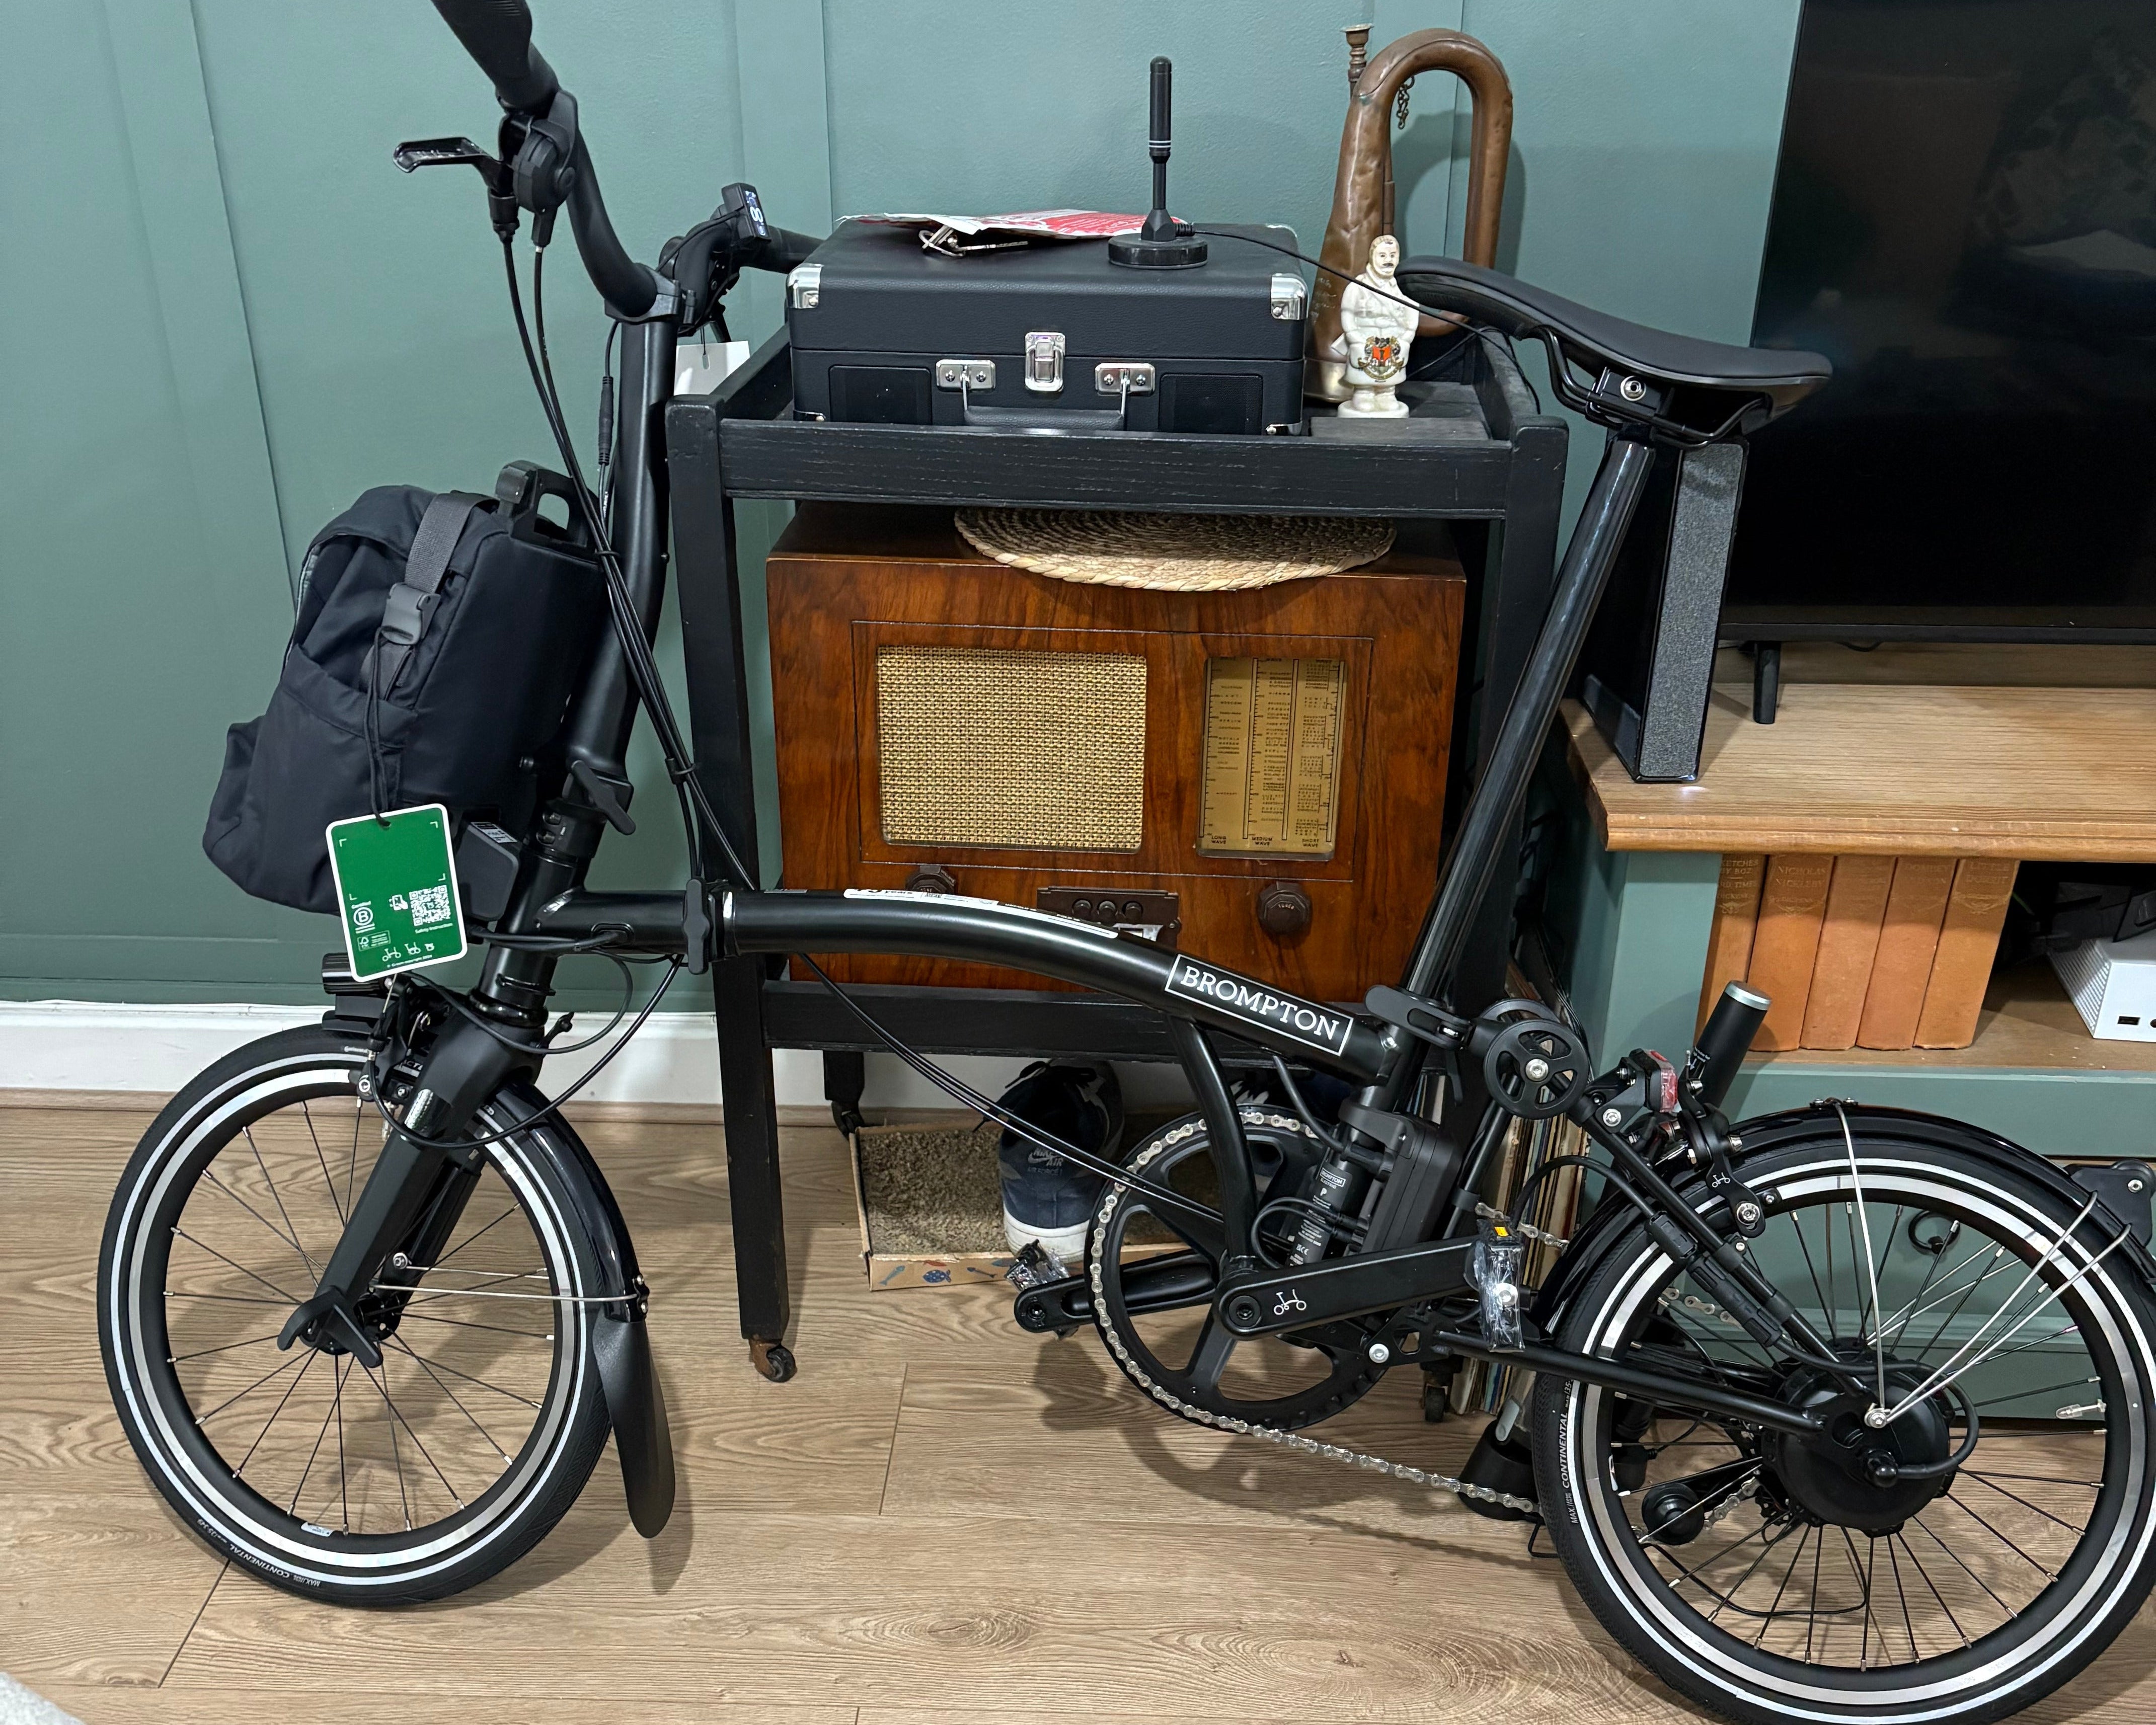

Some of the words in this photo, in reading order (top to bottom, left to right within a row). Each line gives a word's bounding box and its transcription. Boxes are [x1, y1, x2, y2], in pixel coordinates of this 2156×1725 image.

[1778, 866, 1826, 876] NICHOLAS
[1180, 965, 1340, 1041] BROMPTON
[1046, 1157, 1064, 1166] AIR
[1559, 1412, 1570, 1489] CONTINENTAL
[229, 1543, 290, 1579] CONTINENTAL
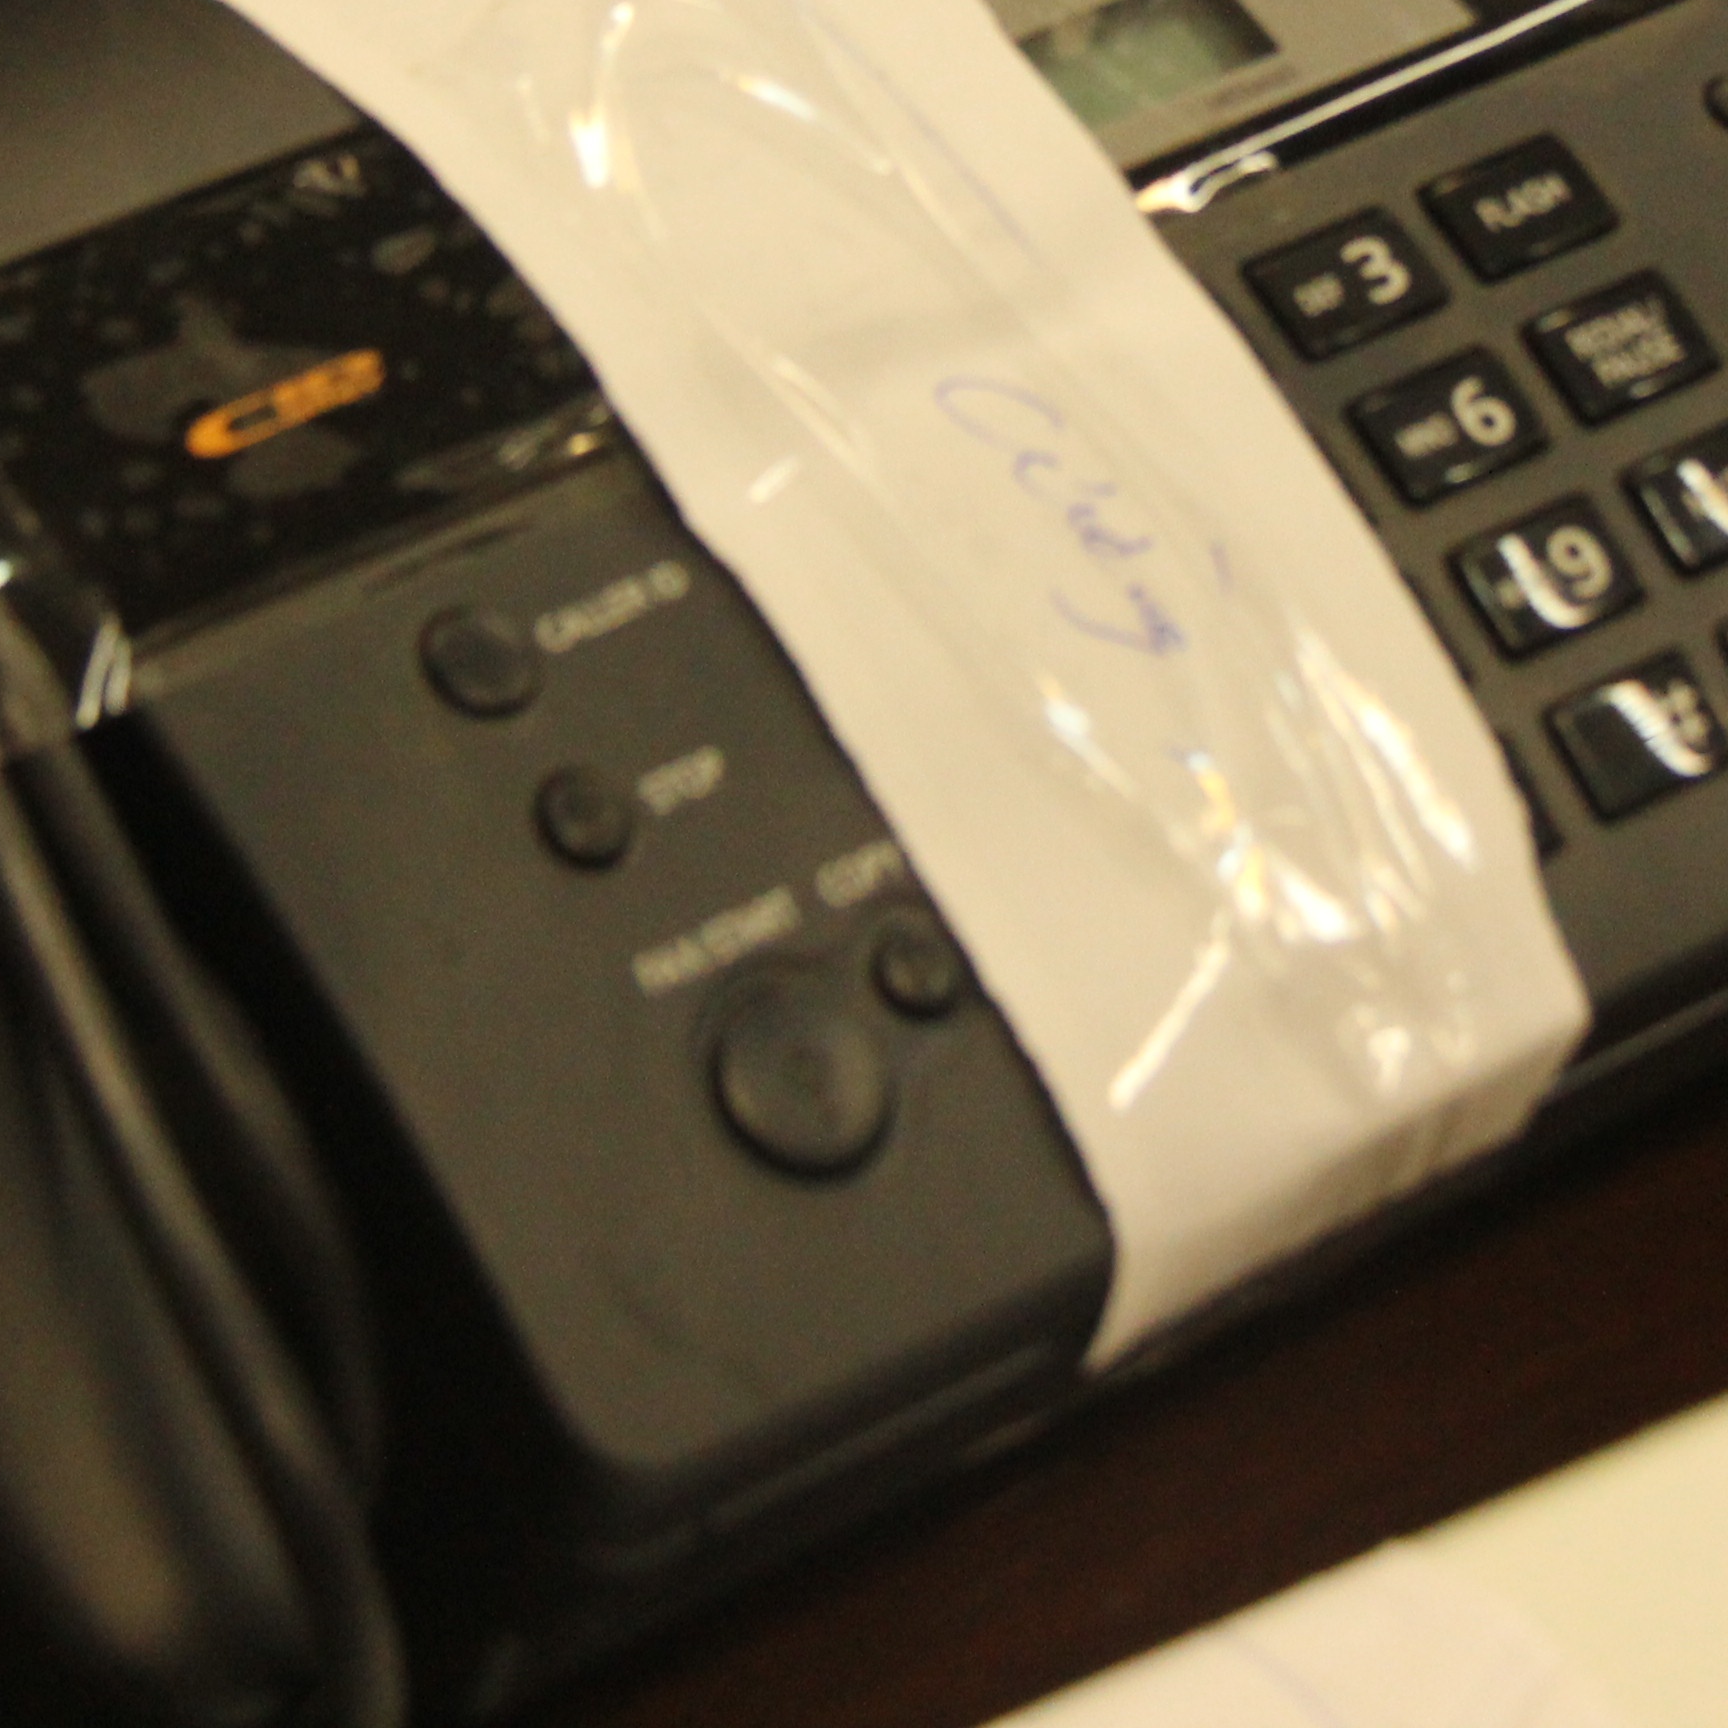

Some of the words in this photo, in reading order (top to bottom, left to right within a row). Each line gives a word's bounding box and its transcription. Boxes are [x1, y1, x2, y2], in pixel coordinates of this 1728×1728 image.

[1340, 235, 1412, 305] 3
[1450, 375, 1517, 447] 6
[1545, 524, 1613, 600] 9

_What you have to do_
Your copy should repeat each entry above exactly but contain no pictures.

_Finished exercise_
Some of the words in this photo, in reading order (top to bottom, left to right within a row). Each line gives a word's bounding box and its transcription. Boxes are [x1, y1, x2, y2], in pixel coordinates of this 2156×1725 image.

[1778, 866, 1826, 876] NICHOLAS
[1180, 965, 1340, 1041] BROMPTON
[1046, 1157, 1064, 1166] AIR
[1559, 1412, 1570, 1489] CONTINENTAL
[229, 1543, 290, 1579] CONTINENTAL

Some of the words in this photo, in reading order (top to bottom, left to right within a row). Each line gives a word's bounding box and its transcription. Boxes are [x1, y1, x2, y2], in pixel coordinates of this 1728×1728 image.

[1340, 235, 1412, 305] 3
[1450, 375, 1517, 447] 6
[1545, 524, 1613, 600] 9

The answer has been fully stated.